Distinct dynamical and thermodynamic pathways compound to amplify storylines of extreme atmospheric rivers in British Columbia
摘要
Atmospheric rivers (ARs) over western North America drive extreme precipitation and flood hazard, yet their intensity upper bounds remain poorly constrained by the short observational record. We combine a differentiable global climate model (~1.4°) with high-resolution dynamical downscaling (~0.11°) to construct physically plausible storylines of five unprecedented AR events in British Columbia. By optimizing minimal perturbations to historical initial conditions, we generate events that maximize integrated vapor transport (IVT) and exceed the observational record under present-day conditions. Pseudo-global warming perturbations under SSP5–8.5 provide a second pathway through end-of-century warming. Both approaches amplify AR intensity through distinct mechanisms: the optimization primarily modifies the wind field, while the pseudo-global warming signal primarily increases atmospheric moisture.

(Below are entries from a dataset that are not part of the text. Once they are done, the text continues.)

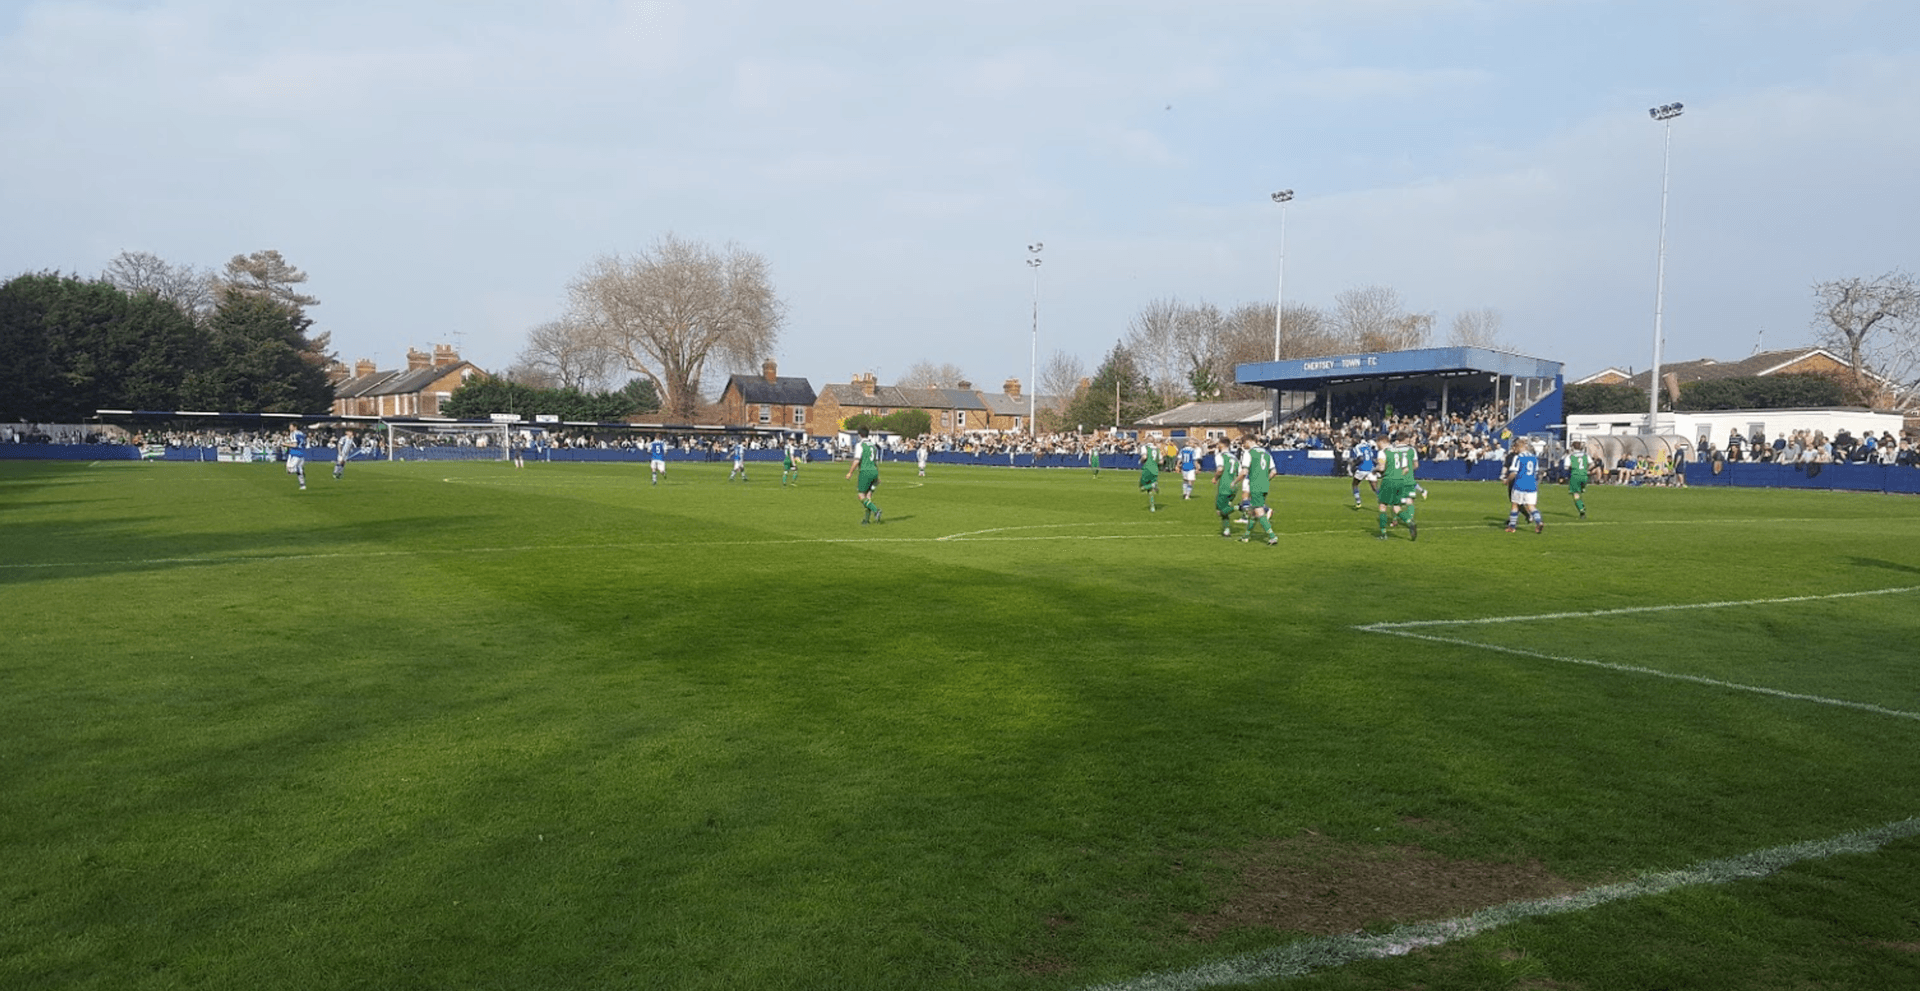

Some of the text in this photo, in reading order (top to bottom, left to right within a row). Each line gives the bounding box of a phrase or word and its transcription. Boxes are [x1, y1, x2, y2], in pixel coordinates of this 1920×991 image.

[1303, 356, 1378, 371] CHERTSEY TOWN FC
[655, 445, 661, 454] 5
[1260, 453, 1267, 470] 6
[1526, 460, 1535, 476] 9
[1578, 457, 1585, 470] 2
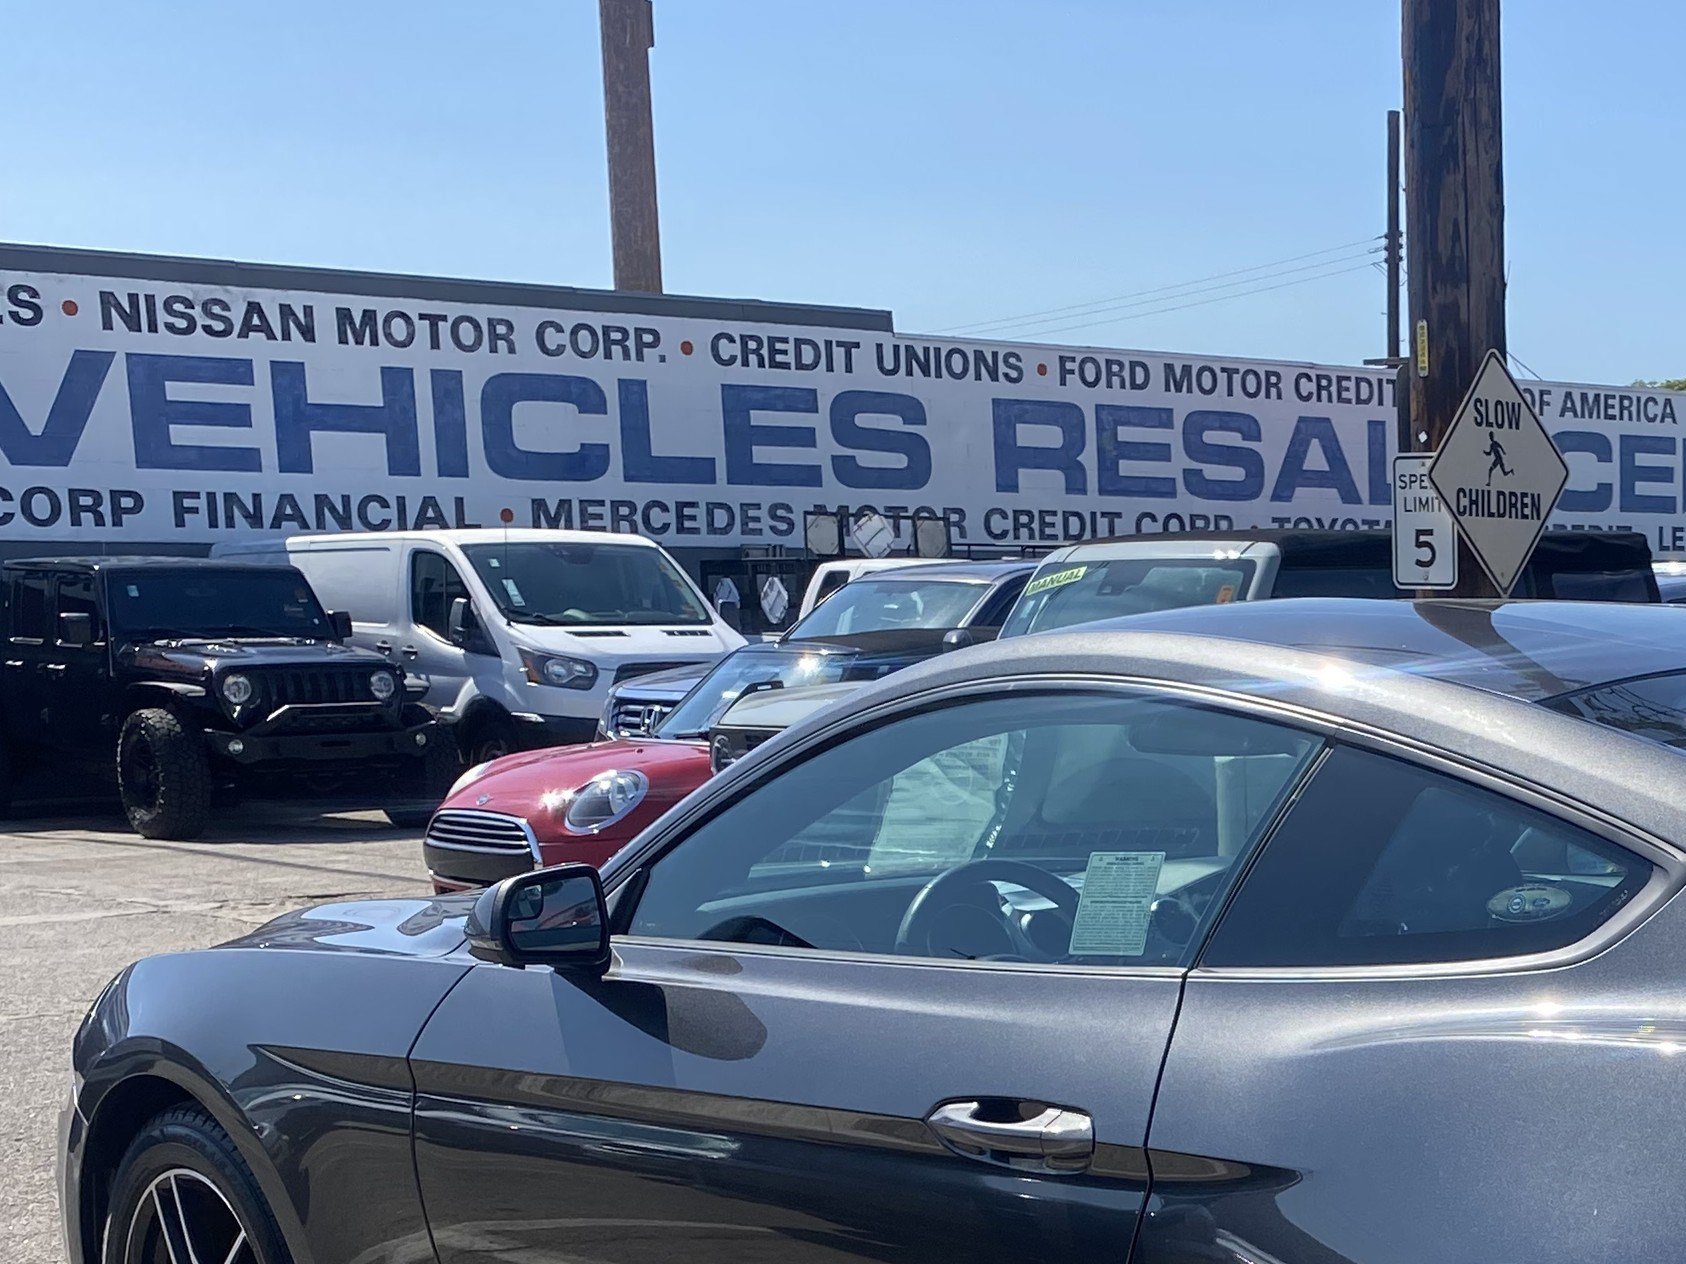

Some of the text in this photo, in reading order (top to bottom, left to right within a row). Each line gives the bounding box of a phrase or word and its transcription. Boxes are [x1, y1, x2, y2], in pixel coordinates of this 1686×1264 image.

[0, 284, 1398, 408] S NISSAN MOTOR CORP. CREDIT UNIONS FORD MOTOR CREDIT
[1472, 397, 1522, 430] SLOW
[1558, 390, 1678, 425] AMERICA
[0, 349, 933, 491] VEHICLES
[991, 397, 1392, 505] RESAL
[1399, 473, 1433, 490] SPE
[172, 490, 483, 530] FINANCIAL
[531, 498, 795, 536] MERCEDES
[983, 507, 1123, 541] CREDIT
[1404, 496, 1442, 513] LIMIT
[1456, 487, 1541, 520] CHILDREN
[1415, 528, 1437, 568] 5
[1027, 568, 1081, 595] MANUAL
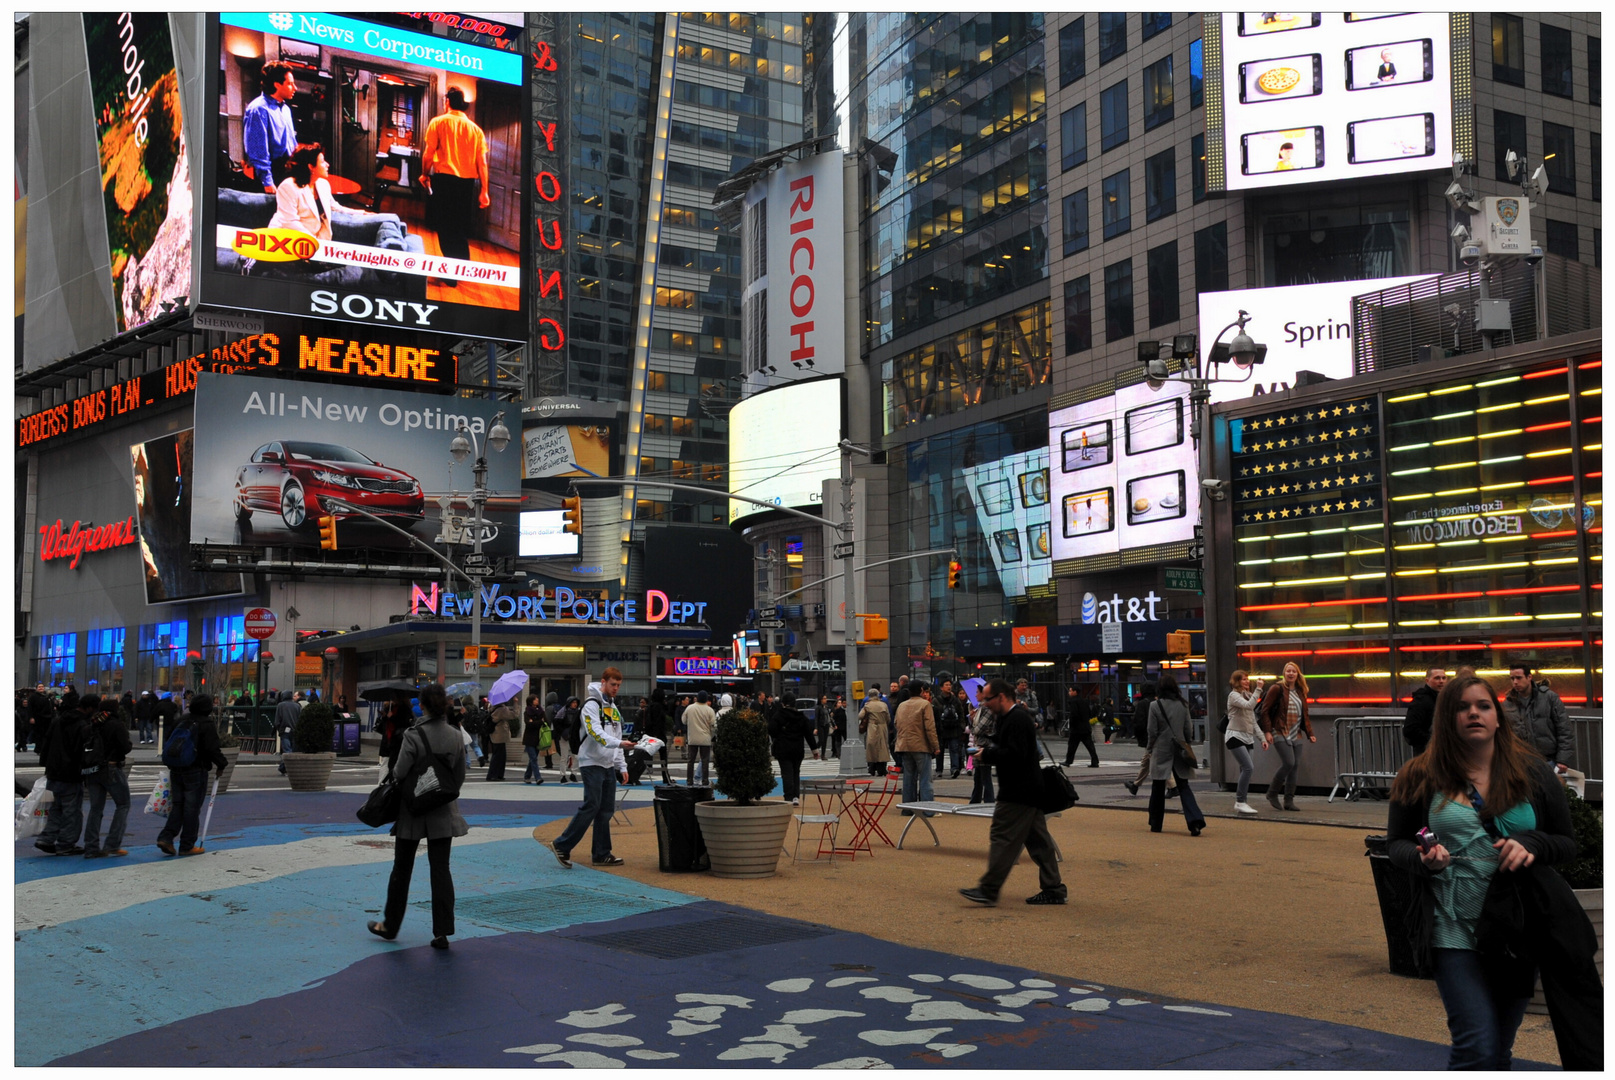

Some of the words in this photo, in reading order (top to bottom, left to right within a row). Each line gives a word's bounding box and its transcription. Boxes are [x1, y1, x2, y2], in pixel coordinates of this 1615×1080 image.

These contributions act on largely independent components, and when applied simultaneously, the combined effect is nearly additive, with differences generally below 15%. Non-linear effects, though small, are always positive, and within these storylines the most extreme physically plausible ARs arise from compounding both drivers. The pathways differ in precipitation efficiency: the dynamical amplification largely preserves the conversion of moisture transport to precipitation, whereas the thermodynamic amplification reduces it by up to 29%. Bounding the upper tail of AR hazard may therefore require accounting for both dynamical variability and thermodynamic change.